Conjugated polymers offer great economic advantages as low-cost electronic conducting materials for the production of large-area flexible optoelectronic devices such as light-emitting diodes, organic photovoltaic cells (OPVs), and field-effect transistors.^1–14 In conjugated polymers, the sulfur-containing π-conjugated polymers are of particular scientific interest as they may create new functionalities that are difficult, if not impossible, to access using polymers with pure carbon-based skeletons.^15–20 Heretofore among all the sulfur-containing π-conjugated polymers, polythiophene based organic OPVs and poly(phenylene sulfide) have been extensively studied because of their excellent optoelectronic properties.^15–20 However, the new types of electronically active poly(vinylene sulfide)s, which incorporate a carbon–carbon double bond between the aromatic ring and the sulfur atom in the polymer repeat unit, have been rarely reported.^21,22

In the structures of poly(vinylene sulfide)s, the delocalization of π-electrons through the sulfur bridge may endow the polymers with an array of remarkable characteristics, such as light refractivity, nonlinear optical property and so on.^21,22 However, the relatively low charge delocalization and large band gap still severely limit the improvement of the optoelectronic properties of poly(vinylene sulfide)s. Fortunately, the formal [2 + 2] click reactions between electron alkynes and electron-deficient alkenes, such as tetracyanoethylene (TCNE) or 7,7,8,8-tetracyanoquinodimethane (TCNQ), have been developed as a convenient and robust method for preparing narrow band gap π-conjugated polymers containing donor–acceptor chromophores.^23–29 The reactions are with significant advantages that the products feature strong charge-transfer (CT) interactions in the visible absorption region, potent redox activities, and are useful for optimization of the electronic states, thereby leading to the enhanced performance of the optoelectronic devices, such as photovoltaic cells.^30,31

Herein, the new electronically active poly(vinylene sulfide)s were synthesized by the thiol-yne click reaction.^32–35 Moreover, the novel [2 + 2] click reaction was selected to postfunctionalize the poly(vinylene sulfide)s. It was envisioned that the [2 + 2] click reaction may efficiently modulate the HOMO–LUMO energy band gap and improve the optoelectronic properties of poly(vinylene sulfide)s.

Results and discussion

Synthesis

The 4,4′-thiobisbenzenethiol M2 and 4-((2,5-diethynylphenyl)ethynyl)-N,N-dihexadecylaniline M1 were designed as monomers for polymerization. As shown in Scheme 1, M1 has two kinds of activated alkynes. One is the terminal alkyne, and it can be reacted with thiol to form the sulfide-containing acetylenic polymers. Another is the side alkyne, and it can be reacted with the special click reagents such as TCNE, TCNQ, etc. ([2 + 2] click reaction).^23–29 Thus poly(vinylene sulfide)s containing internal electron-rich alkynes in the side chains was prepared by ‘thiol-click’ polymerization and postfunctionalized by the acceptor TCNE.

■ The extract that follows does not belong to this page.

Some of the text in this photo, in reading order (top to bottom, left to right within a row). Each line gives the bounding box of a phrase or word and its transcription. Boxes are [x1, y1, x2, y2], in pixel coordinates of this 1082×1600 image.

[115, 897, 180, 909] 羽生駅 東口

Scheme 1 Synthesis of poly(vinylene sulfide)s P1 and the postfunctionalization by TCNE addition. (a) Rh(PPh₃)₃Cl, DCE, 60 °C, 24 h, Ar; (b) TCNE, DCM, rt, 2 h.

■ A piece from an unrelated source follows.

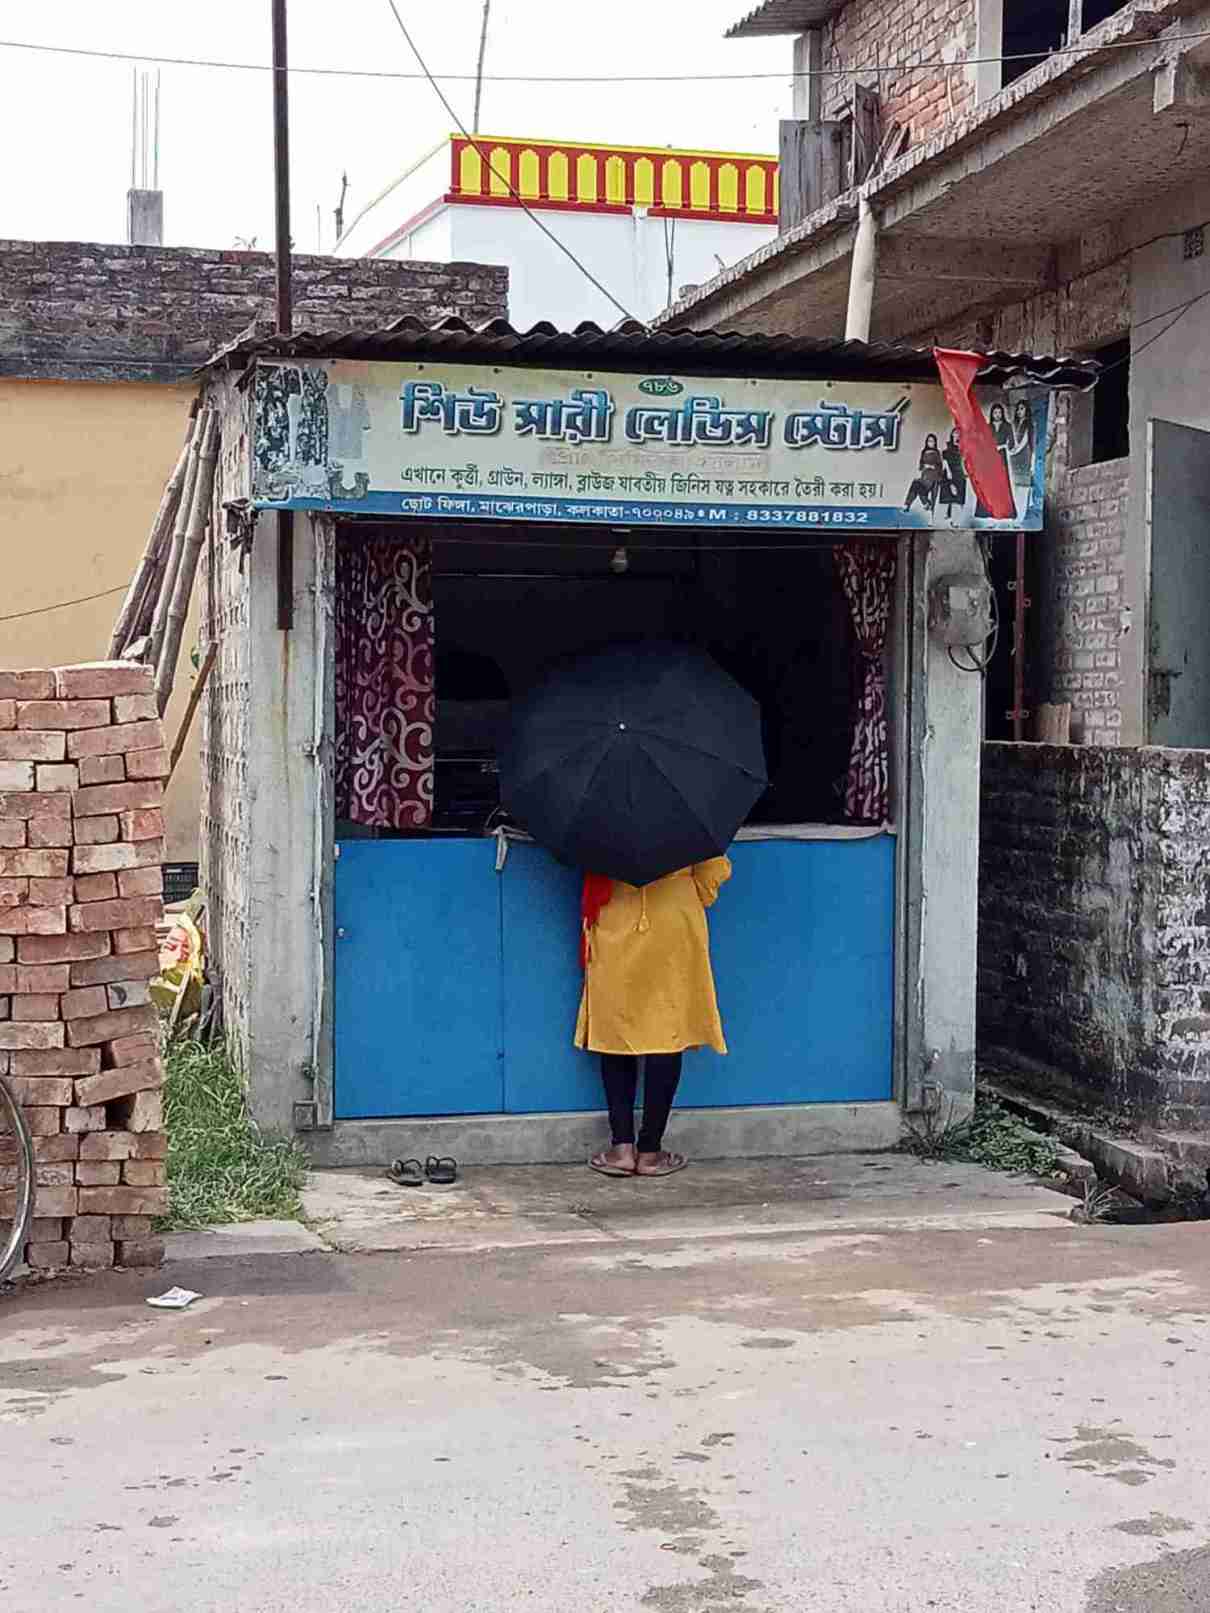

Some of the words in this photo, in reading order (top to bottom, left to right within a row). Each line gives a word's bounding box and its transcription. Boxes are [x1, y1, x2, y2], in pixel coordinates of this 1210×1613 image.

The chemical structures of P1 and P2 were substantiated by the combination of ¹H-NMR and IR. In the ¹H-NMR, peaks at 3.39 and 3.13 ppm ascribed to the terminal alkynes of M1 completely disappeared after the polymerization. As compared to MD1 and MD2, the spectra of P1 and P2 were obviously broadened. It's worth noting that the monomers M1 are asymmetric, so the obtained polymers should contain different regioregularity. It is clear that the polymers should contain all head-to-head, head-to-tail, and tail-to-tail conformations. Up to date, there is no report to prove the chemical structures.^36,37 In addition, as shown in Fig. 1, the stretching vibration bands of ≡C–H at 3273 cm⁻¹ and C≡C and –SH at 2556 cm⁻¹ in the spectra of monomers became much weaker after polymerization, indicating the generation of thiol-yne click addition. Moreover, as shown in Fig. 2(a), the alkyne vibration peak at 2198 cm⁻¹ for P1 was replaced by strong cyano peaks at 2213 cm⁻¹ for P2 supported the TCNE addition.

Fig. 1 FT-IR spectra of monomers M1, M2 and polymer P1.

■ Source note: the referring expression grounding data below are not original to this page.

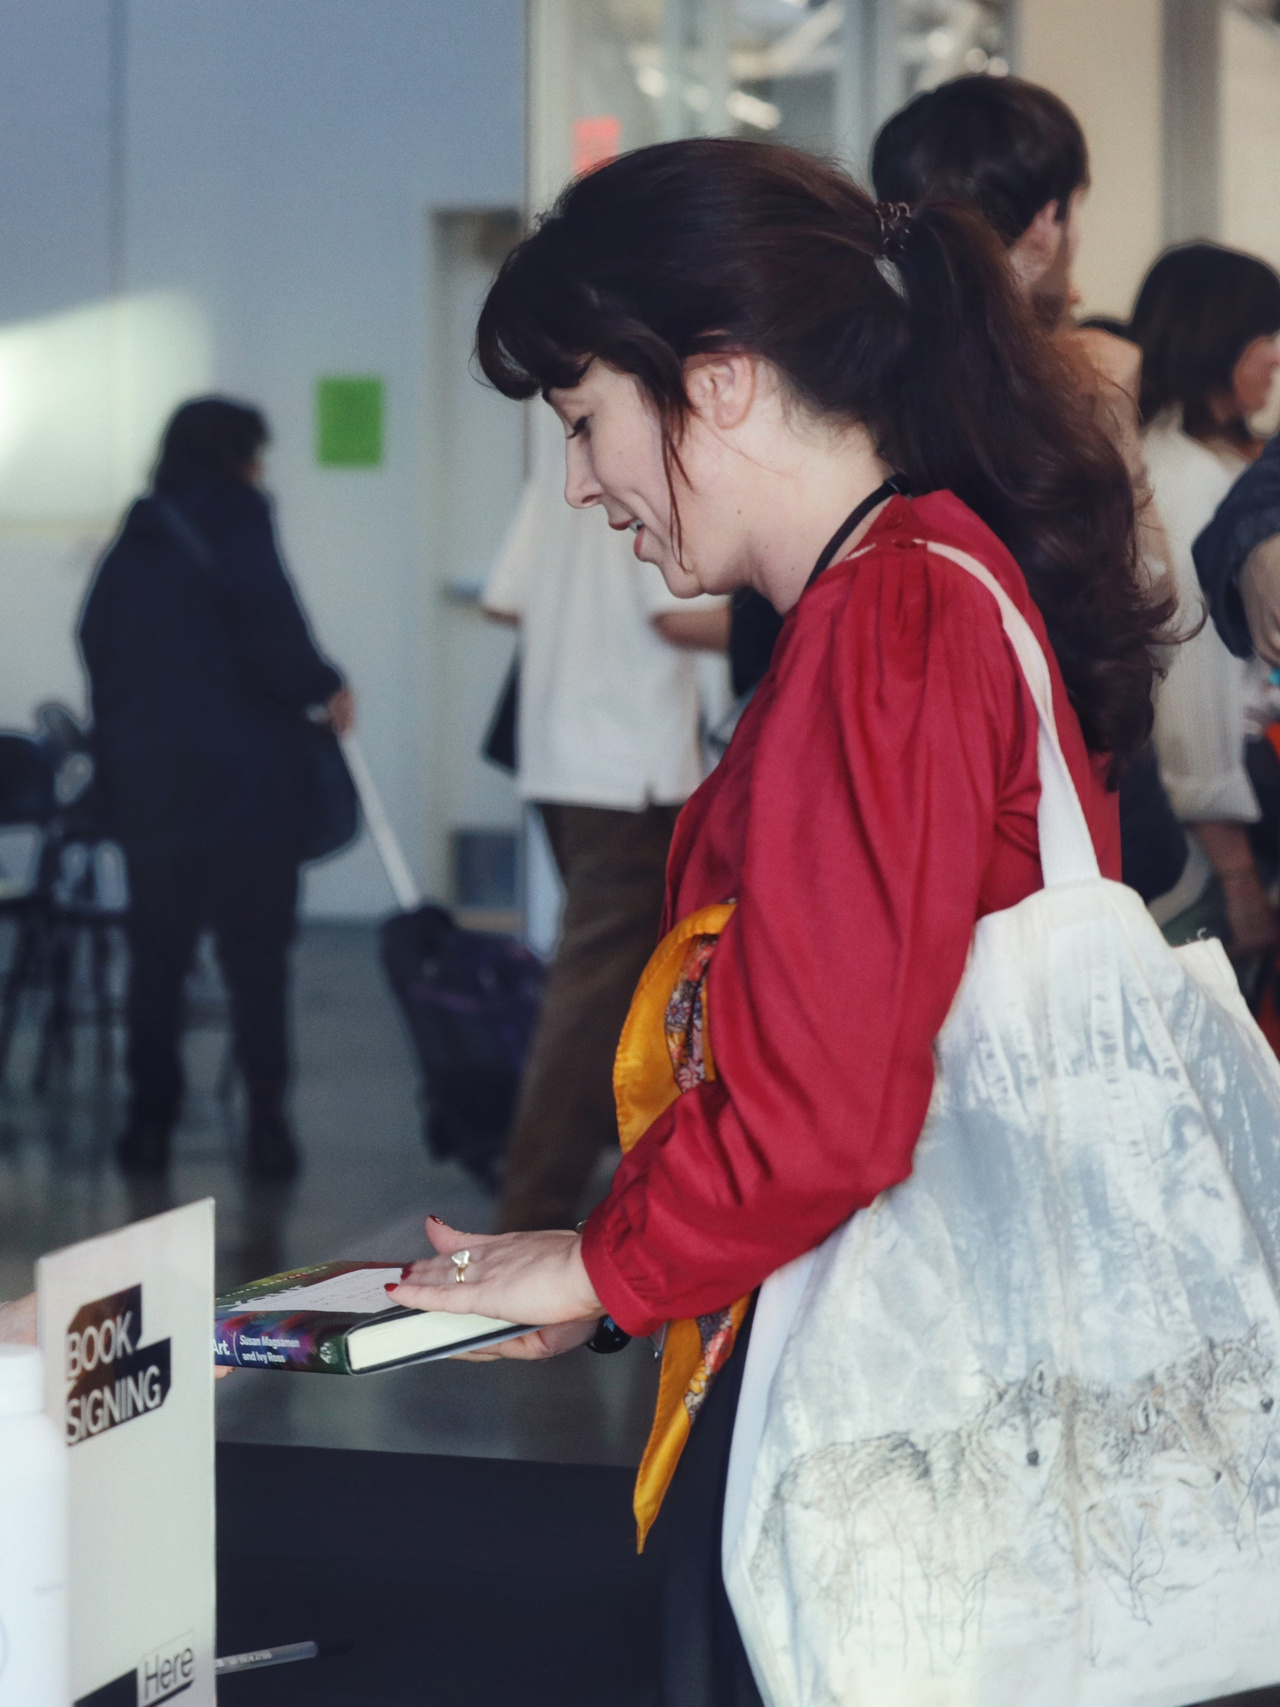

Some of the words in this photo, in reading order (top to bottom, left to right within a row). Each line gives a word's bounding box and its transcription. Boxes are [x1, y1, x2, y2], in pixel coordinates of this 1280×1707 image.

[67, 1310, 133, 1380] BOOK
[239, 1335, 261, 1346] Susan
[242, 1351, 256, 1361] and
[256, 1352, 267, 1363] Ivy
[267, 1352, 286, 1362] Ross
[67, 1365, 161, 1443] SIGNING
[144, 1647, 194, 1699] Here

Fig. 2 FT-IR spectra of (a) polymers P1 and P2; (b) model compounds MD1 and MD2.

The molecular weights of polymers were shown in Table 1. The molecular weight (M_n) and the polydispersity (M_w/M_n) of P1 and P2 determined by GPC relative to standard polystyrenes were 7200 and 3.40, 8000 and 3.70, respectively. In addition, both P1 and P2 displayed good solubilities in the common organic solvents, such as DCM, DCE and THF. It can be attributed to the introduction of the long alkyl chains of hexadecyl groups.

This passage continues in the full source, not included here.